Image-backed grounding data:
==*==

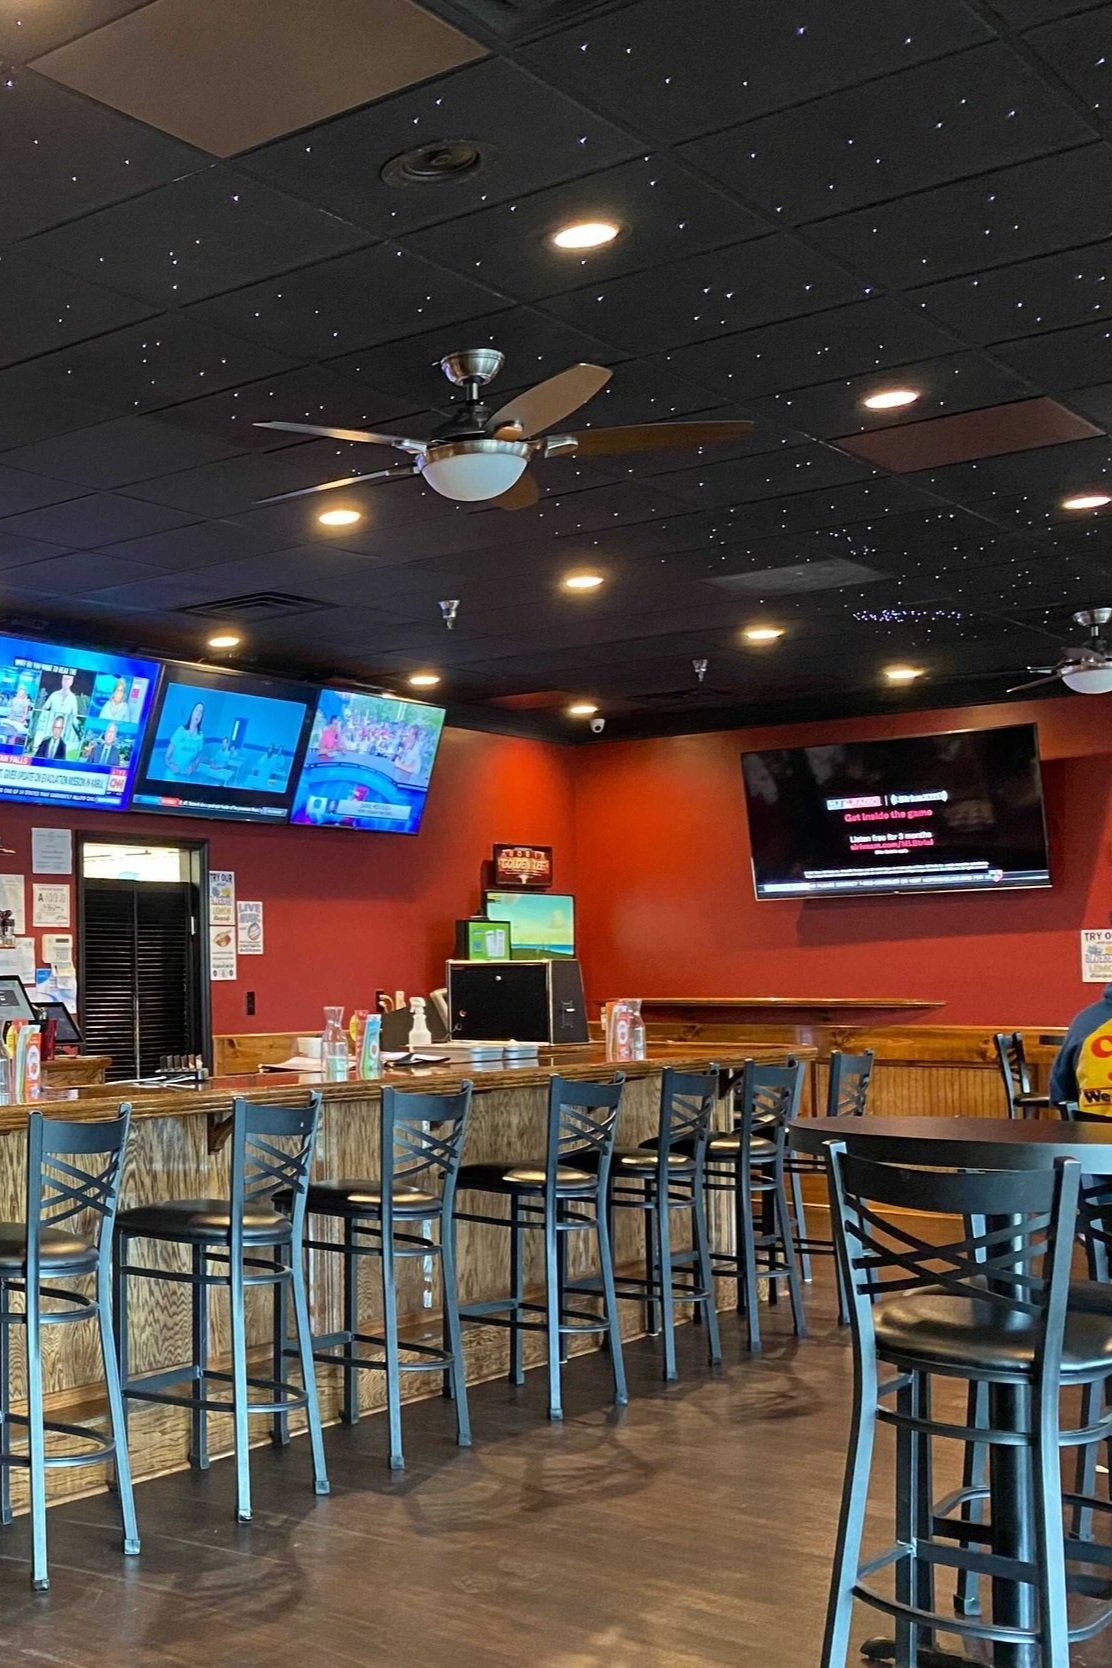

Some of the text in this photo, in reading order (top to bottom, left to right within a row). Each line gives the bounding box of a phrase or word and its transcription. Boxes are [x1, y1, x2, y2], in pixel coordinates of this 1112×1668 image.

[9, 756, 28, 765] FALLS
[844, 809, 933, 822] Get inside the game
[849, 831, 933, 843] Listen free for 3 months
[210, 873, 232, 883] TRY OUR
[238, 903, 261, 913] LIVE
[1084, 932, 1102, 942] TRY

==*==

Set down every entry above exactly as written. Leave out all pictures.

Some of the text in this photo, in reading order (top to bottom, left to right within a row). Each line gives the bounding box of a phrase or word and its transcription. Boxes are [x1, y1, x2, y2], in pixel coordinates of this 1112×1668 image.

[9, 756, 28, 765] FALLS
[844, 809, 933, 822] Get inside the game
[849, 831, 933, 843] Listen free for 3 months
[210, 873, 232, 883] TRY OUR
[238, 903, 261, 913] LIVE
[1084, 932, 1102, 942] TRY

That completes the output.